Scrapy Tutorial 1: overview
About Scrapy
Scrapy is a free and open source web crawling framework , written in Python. Originally designed for web scraping, it can also be used to extract data using API. or as a general purpose web crawler. It is currently maintained by Scrapinghub Ltd. , a web scraping development and services company.
Architecture Overview
Data Flow
The following diagram shows an overview of the Scrapy architecture with its components and and outline of data flow (red arrows).
The data flow is controlled by the execution engine and goes like this (as indicated by the red arrow):
- The Engine gets the initial Requests to crawl from the Spiders.
- The Engine schedules the Requests in the Scheduler and ask for the next Requests to crawl.
- The Scheduler sends back the next Requests to the Engine.
- The Engine send the Requests to the Downloader through the Downloader Middlewares (see process_request()).
- Once the Downloader finishes the downloading it generates a Response and sends it back to Engine through the Downloader Middlewares (see process_response()).
- The Engine sends the received Response to the Spiders for processing through the Spider Middleware (see process_spider_input()).
- The Spiders processes the Response and returns the scraped Items and new Requests (to follow) to the Engine through the Spider Middleware (see process_spider_output()).
- The Engine sends the scraped Items to Item Pipelines, then send the processed Requests to the Scheduler and ask for the next possible Requests to crawl.
- The process repeats (from step 1) until there are no more requests from the Spiders.
Components
Scrapy Engine
The engine controls the data flow between all components and triggers events when certain action occurs. See Data Flow for more details.
Scheduler
The Scheduler receives the request from the engine and enqueues them for feeding them back to engine later when requested.
Downloader
The Downloader is responsible for fetching web pages from the Internet and feeding them back to the engine.
Spiders
Spiders are custom classes written by the user to parse responses and extract scraped items from them or additional requests to follow. Each spider is used for one (or a series of) specific webpage.
Item Pipelines
The Item Pipelines is responsible for processing the extracted items from the spiders. Typical tasks include cleansing, validation and persistence (like stoing the item in a database)
Downloader Middleware
Downloader Middleware is a specific hook between the Engine the the Downloader and processes requests when pass from the Engine to the Downloader and responses that pass from Downloader to the Engine. It provides a simple mechanism to extend Scrapy by inserting user defined code, like automatic replace user-agent, IP, etc.
Spider Middleware
Spider Middleware is a specific hook between the Engine and the Spider and processes spider input (response) and output (items and request). It also provides a simple mechanism to extend Scrapy functions by using user-defined code.
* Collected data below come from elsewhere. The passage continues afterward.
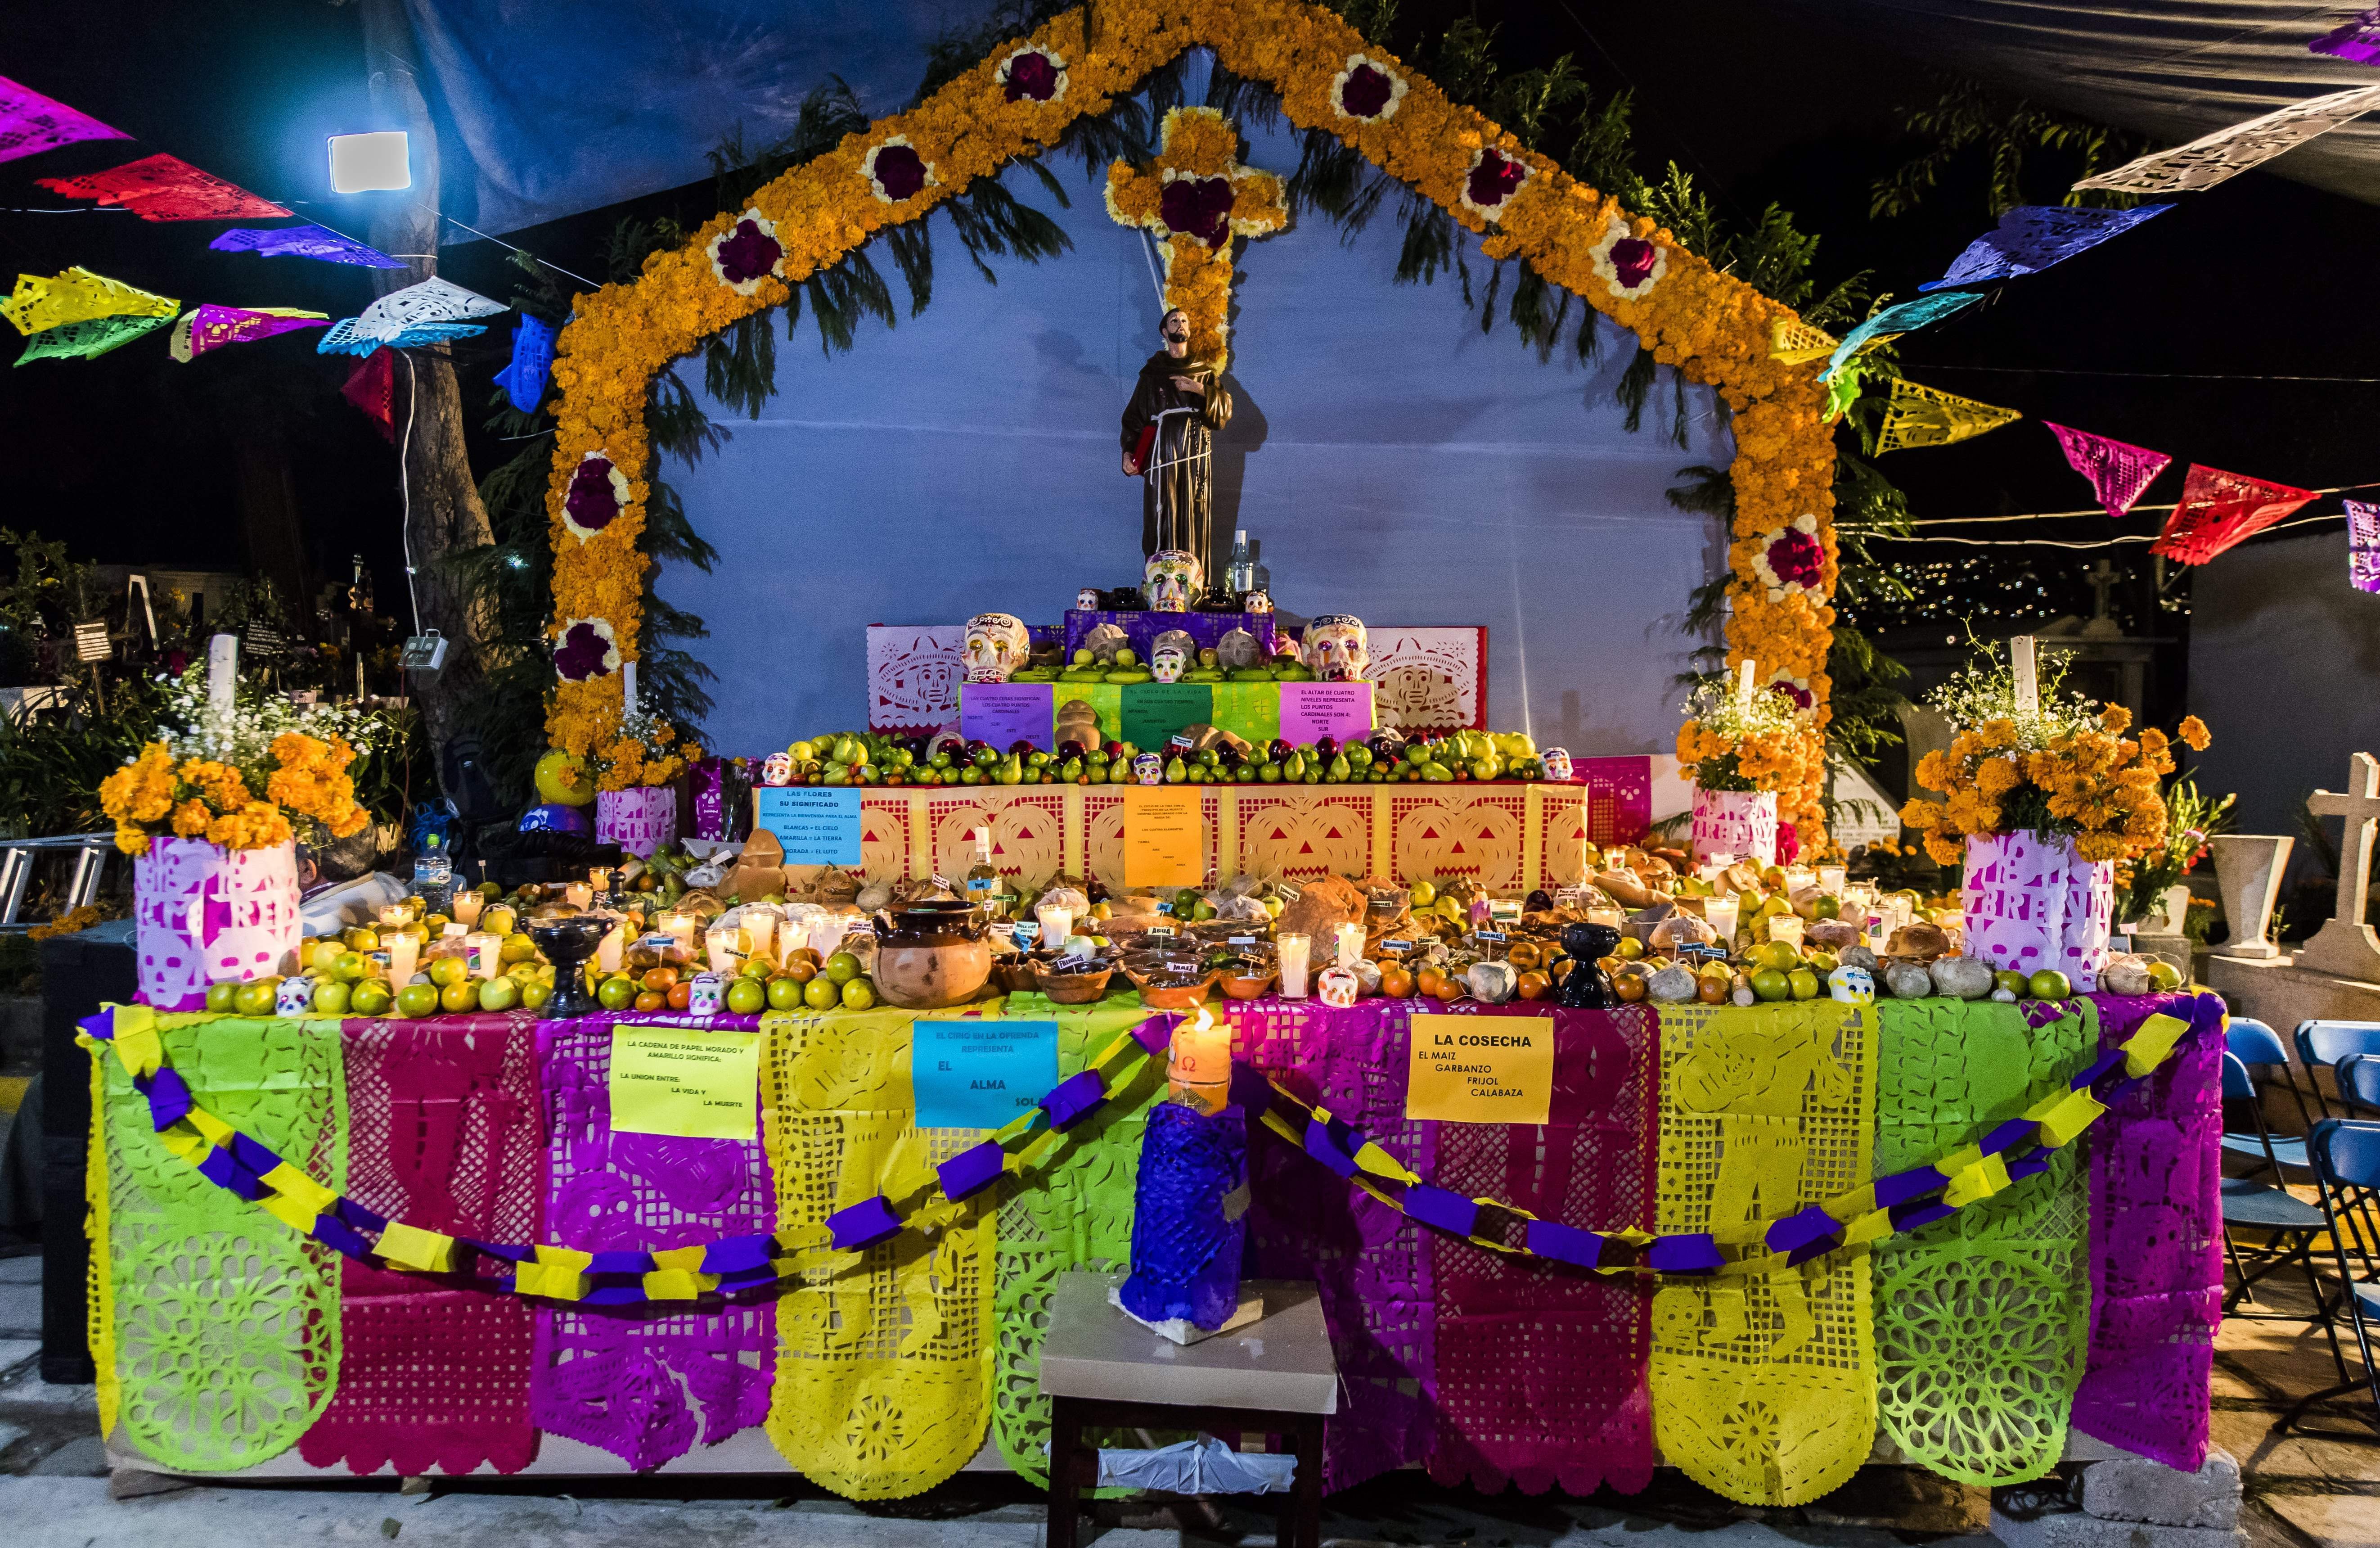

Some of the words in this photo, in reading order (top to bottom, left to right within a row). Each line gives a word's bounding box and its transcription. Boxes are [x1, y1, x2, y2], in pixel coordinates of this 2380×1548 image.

[1479, 932, 1503, 940] JICAMAS
[1059, 954, 1084, 968] FRIJOLES
[1242, 954, 1261, 963] SAL
[1172, 964, 1194, 973] MAIZ
[1435, 1034, 1454, 1045] LA
[1459, 1035, 1531, 1047] COSECHA
[648, 1052, 684, 1060] AMARILLO
[938, 1061, 952, 1071] EL
[1435, 1064, 1491, 1073] GARBANZO
[970, 1080, 1006, 1090] ALMA
[1467, 1077, 1498, 1085] FRIJOL
Process to Create a Scrapy Project
Create Project
First you need to create a Scrapy project. I’ll use the England Premier League website as an example. Run the following command:
scrapy startproject EPLspider
The EPLspider directory with the following content will be created:
EPLspider/
├── EPLspider
│ ├── __init__.py
│ ├── __pycache__
│ ├── items.py
│ ├── middlewares.py
│ ├── pipelines.py
│ ├── settings.py
│ └── spiders
│ ├── __init__.py
│ └── __pycache__
└── scrapy.cfg
The content of each file:
- EPLspider/: Python module of the project, in which code will be added.
- EPLspider/items.py: item file of the project.
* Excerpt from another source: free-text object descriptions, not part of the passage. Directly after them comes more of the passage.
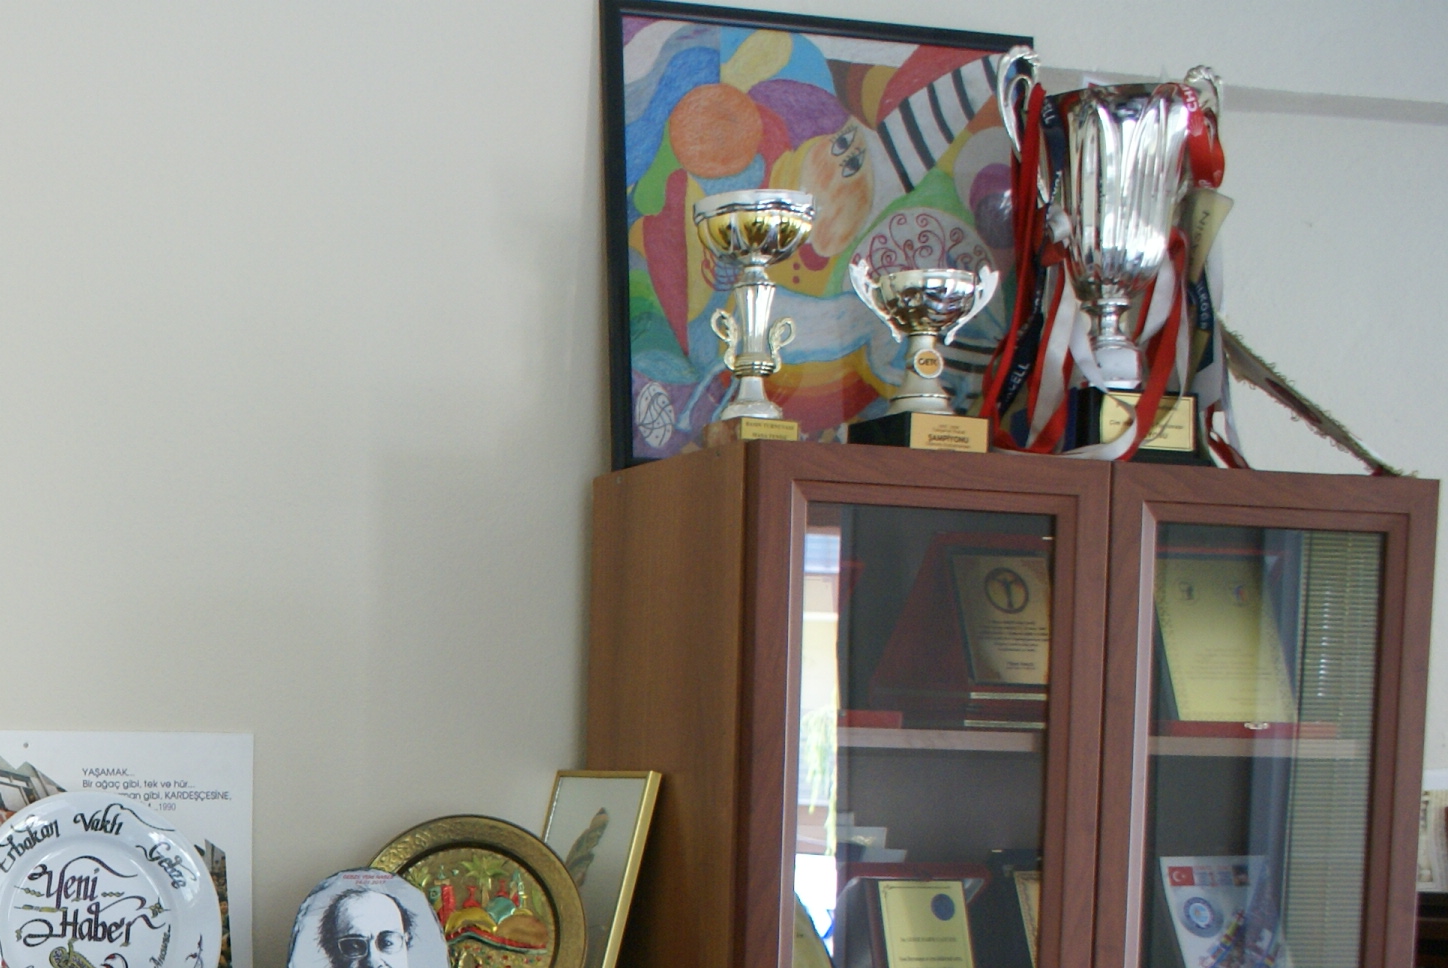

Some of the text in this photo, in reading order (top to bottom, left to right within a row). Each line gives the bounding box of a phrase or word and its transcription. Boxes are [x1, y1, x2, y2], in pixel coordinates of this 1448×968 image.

[82, 768, 135, 778] YAŞAMAK...
[82, 780, 94, 788] Bir
[95, 779, 120, 790] ağaç
[123, 779, 142, 790] gibi,
[144, 780, 158, 788] tek
[143, 791, 232, 802] gibi, KARDEŞÇESİNE,
- EPLspider/middlewares.py: middlewares file of the project.
- EPLspider/pipelines: pipelines file of the project.
- EPLspider/settings: settings file of the project.
- EPLspider/spiders/: directory with spider code.
- scrapy.cfg: configuration file of the Project.
Start with the First Spider
Spiders are classes that you define and that Scrapy uses to scrape information from a website (or a group of websites). They must subclass scrapy.Spider and define the initial request to make, optionally how to deal with links in the pages, and how to parse the downloaded page content to extract data.
This is our first Spider, EPL_spider.py
, saved in the directory EPLspider/spiders/
.
from scrapy.spiders import Spider
class EPLspider(Spider):
name = 'premierLeague'
start_urls = ['https://www.premierleague.com/clubs']
def parse(self, response):
club_url_list = response.css('ul[class="block-list-5 block-list-3-m block-list-2-s block-list-2-xs block-list-padding dataContainer"] ::attr(href)').extract()
club_name = response.css('h4[class="clubName"]::text').extract()
club_stadium = response.css('div[class="stadiumName"]::text').extract()
for i,j in zip(club_name, club_stadium):
print(i, j)
Run the Spider
Run the following command in the project folder:
scrapy crawl premierLeague
The club name and stadium of all clubs from the England Premier League will be printed out.
Summary
In this tutorial we show the overall architecture of Scrapy and show its basics with a demo. In the next tutorial, we’ll extend this simple spider program to get more detailed information about the England Premier League, i.e. clubs, players, managers, and match information, etc.